◆ EXERCISE DIRECTIONS
Copy out the records in full, word for word, without pictures.

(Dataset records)
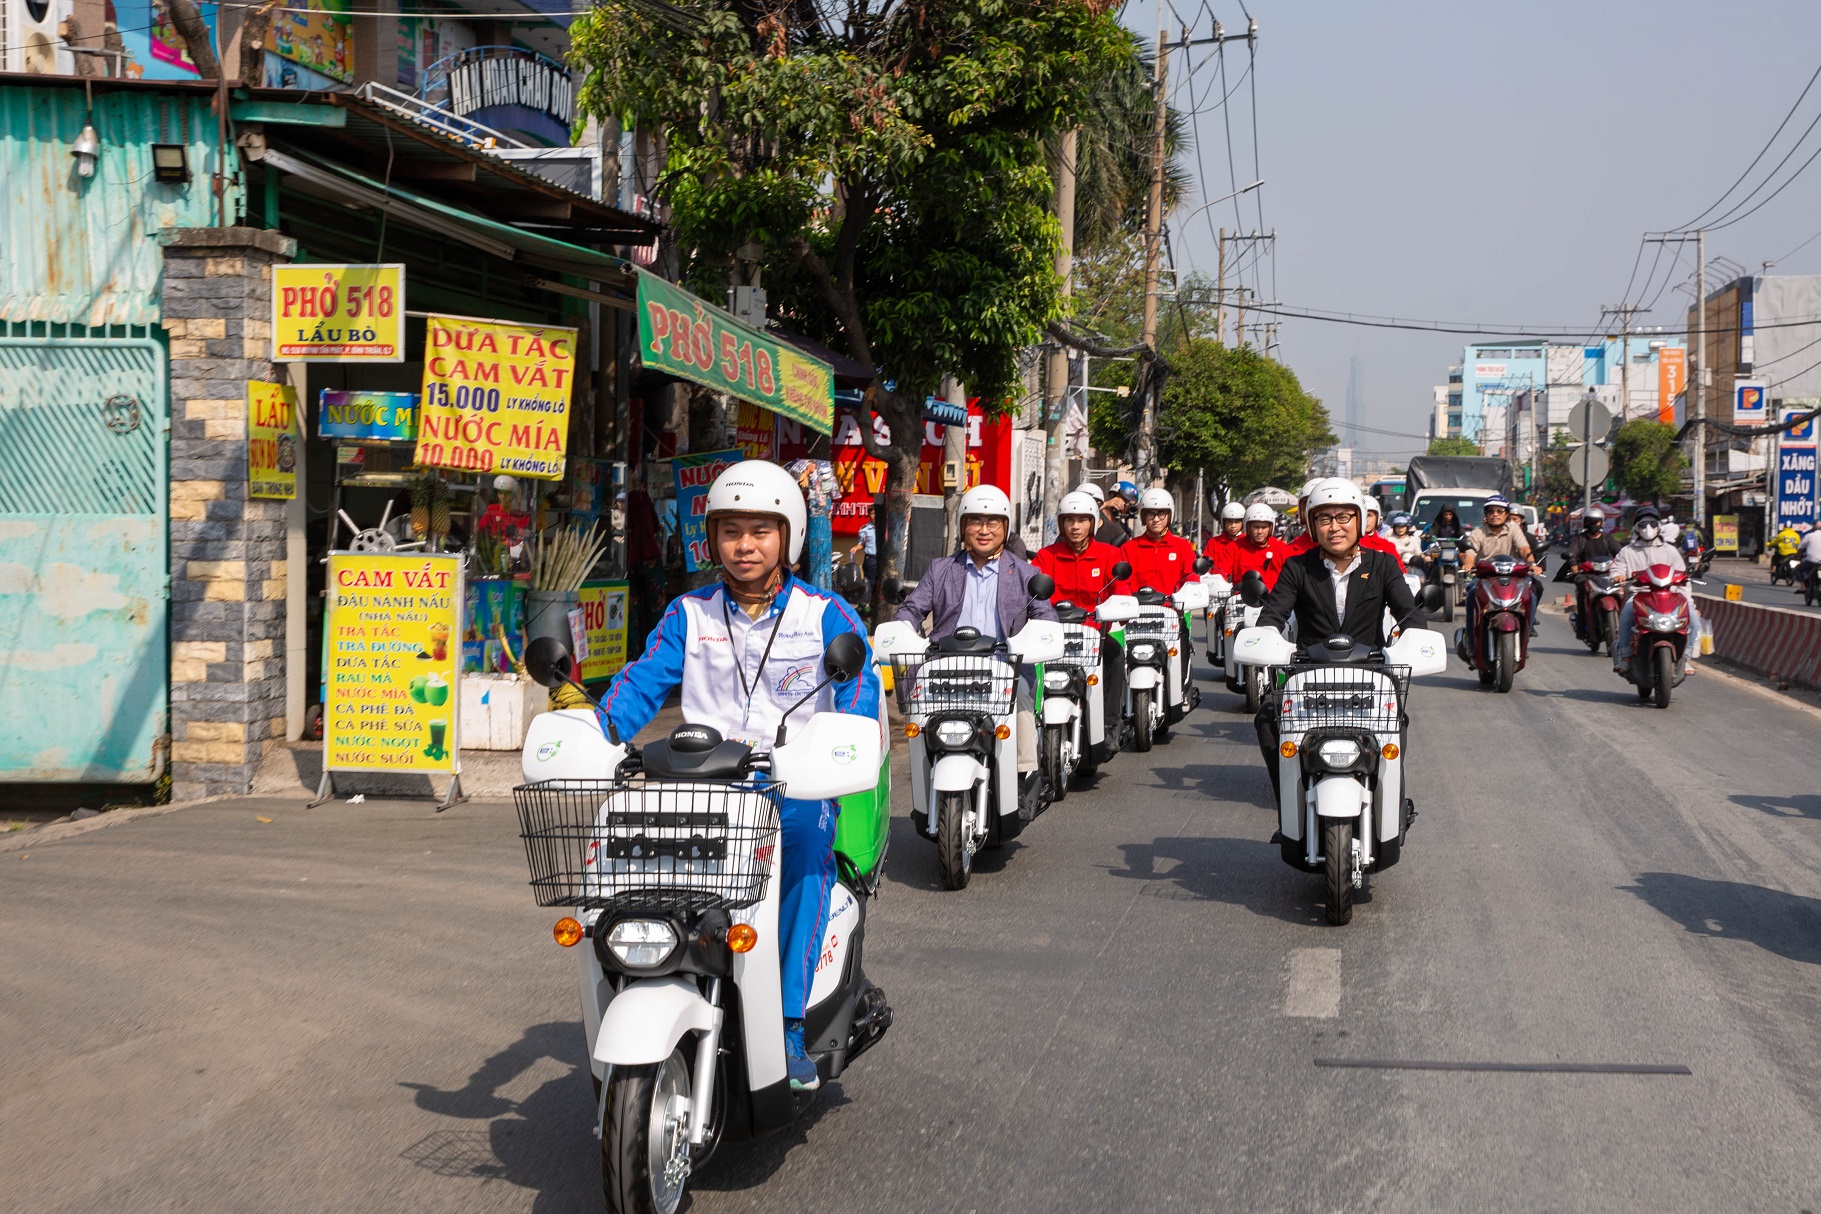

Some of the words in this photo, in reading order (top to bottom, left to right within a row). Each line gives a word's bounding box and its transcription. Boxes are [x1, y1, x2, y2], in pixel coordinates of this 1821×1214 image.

[481, 58, 518, 107] HOAN
[281, 272, 339, 318] PHỞ
[346, 285, 393, 318] 518
[347, 325, 377, 342] BÒ
[432, 324, 499, 353] DỪA
[507, 330, 570, 360] TẮC
[647, 300, 715, 372] PHỞ
[720, 330, 776, 396] 518
[428, 357, 500, 384] CAM
[509, 360, 570, 389] VẮT
[426, 382, 501, 413] 15.000
[506, 397, 518, 409] LY
[328, 400, 389, 426] NƯỚC
[422, 413, 503, 446] NƯỚC
[508, 420, 563, 452] MÍA
[779, 405, 863, 444] NÀ
[873, 415, 983, 446] SCH
[501, 457, 512, 470] LY
[1781, 452, 1815, 471] XĂNG
[862, 461, 933, 494] VN
[1780, 496, 1814, 516] NHỚT
[338, 569, 394, 588] CAM
[402, 562, 451, 588] VẮT
[336, 673, 366, 683] RAU
[371, 671, 393, 683] MÁ
[336, 686, 377, 699] NƯỚC
[381, 687, 408, 699] MÍA
[360, 702, 390, 715] PHÊ
[360, 718, 390, 731] PHÊ
[674, 731, 709, 740] HONDA
[335, 734, 376, 747] NƯỚC
[334, 750, 376, 764] NƯỚC
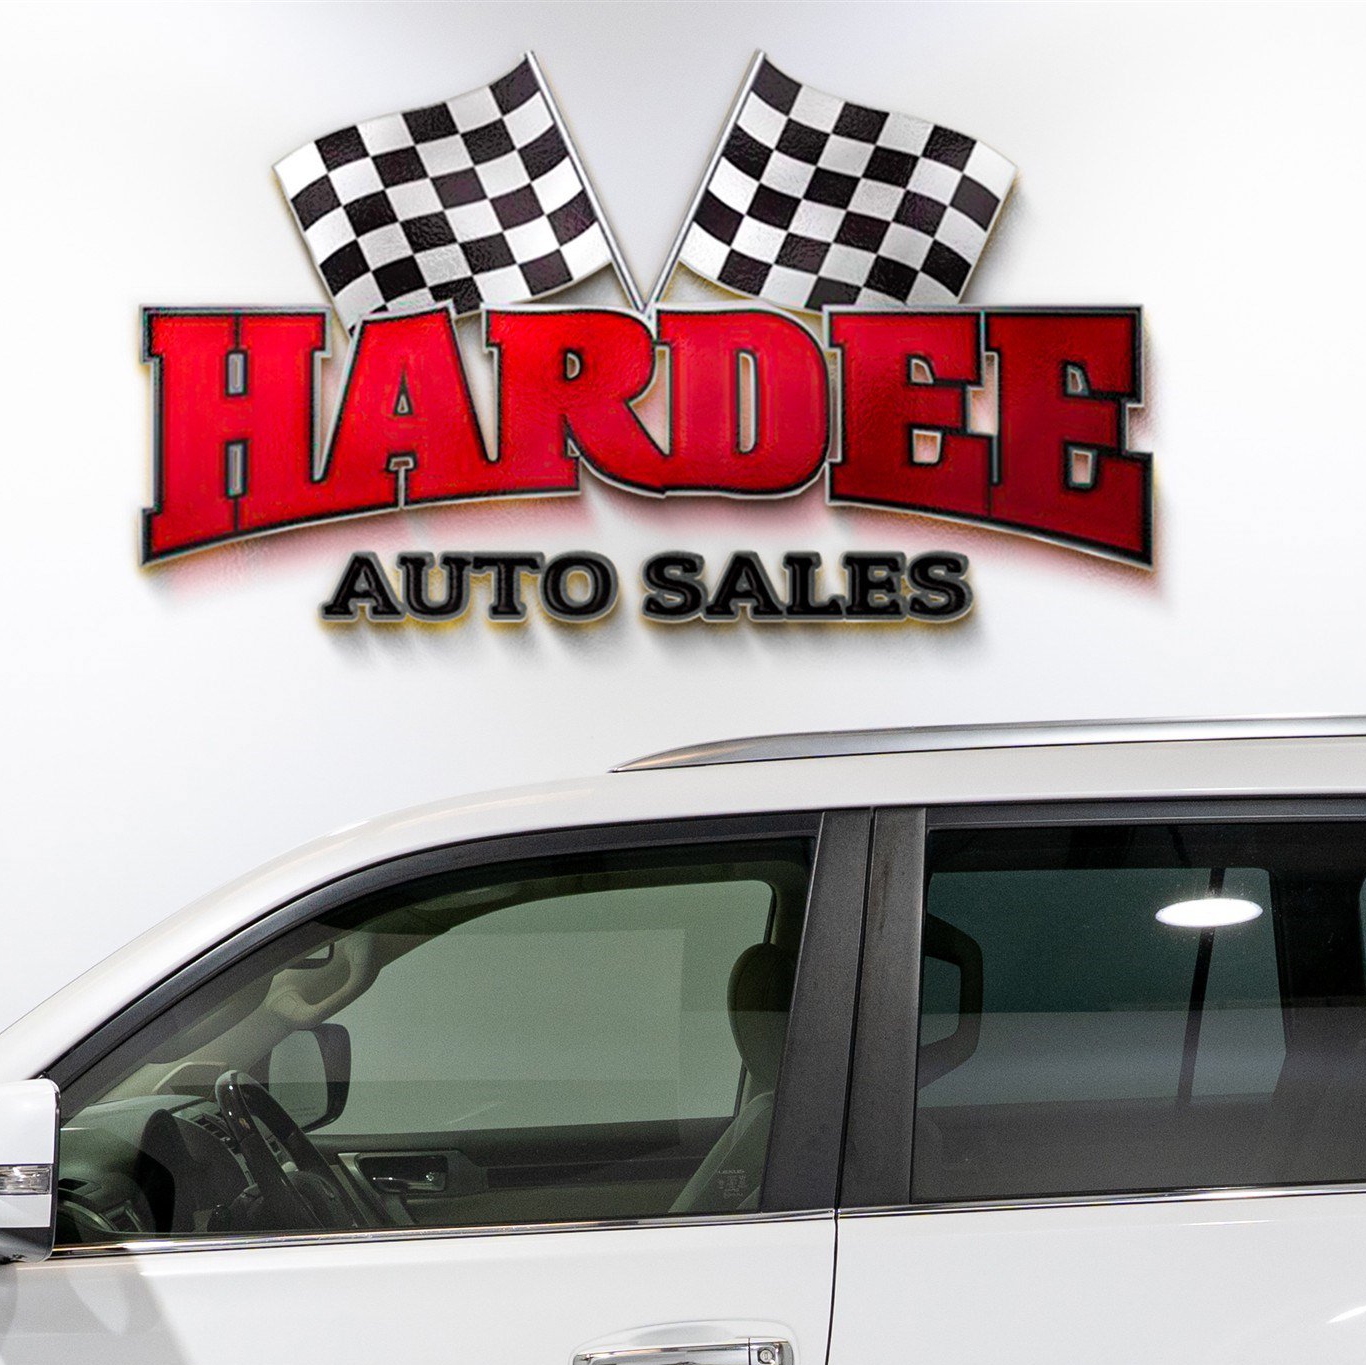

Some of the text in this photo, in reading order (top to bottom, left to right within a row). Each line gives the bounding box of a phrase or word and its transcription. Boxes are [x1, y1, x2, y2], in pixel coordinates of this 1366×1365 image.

◆ YOUR RESPONSE
Some of the words in this photo, in reading order (top to bottom, left to right within a row). Each line gives a word's bounding box and its transcription. Boxes are [x1, y1, x2, y2], in pixel coordinates of this 1821×1214 image.

[481, 58, 518, 107] HOAN
[281, 272, 339, 318] PHỞ
[346, 285, 393, 318] 518
[347, 325, 377, 342] BÒ
[432, 324, 499, 353] DỪA
[507, 330, 570, 360] TẮC
[647, 300, 715, 372] PHỞ
[720, 330, 776, 396] 518
[428, 357, 500, 384] CAM
[509, 360, 570, 389] VẮT
[426, 382, 501, 413] 15.000
[506, 397, 518, 409] LY
[328, 400, 389, 426] NƯỚC
[422, 413, 503, 446] NƯỚC
[508, 420, 563, 452] MÍA
[779, 405, 863, 444] NÀ
[873, 415, 983, 446] SCH
[501, 457, 512, 470] LY
[1781, 452, 1815, 471] XĂNG
[862, 461, 933, 494] VN
[1780, 496, 1814, 516] NHỚT
[338, 569, 394, 588] CAM
[402, 562, 451, 588] VẮT
[336, 673, 366, 683] RAU
[371, 671, 393, 683] MÁ
[336, 686, 377, 699] NƯỚC
[381, 687, 408, 699] MÍA
[360, 702, 390, 715] PHÊ
[360, 718, 390, 731] PHÊ
[674, 731, 709, 740] HONDA
[335, 734, 376, 747] NƯỚC
[334, 750, 376, 764] NƯỚC

Some of the text in this photo, in reading order (top to bottom, left to right within a row). Each line gives the bounding box of a phrase or word and its transcription. Boxes are [x1, y1, x2, y2], in pixel coordinates of this 1366×1365 image.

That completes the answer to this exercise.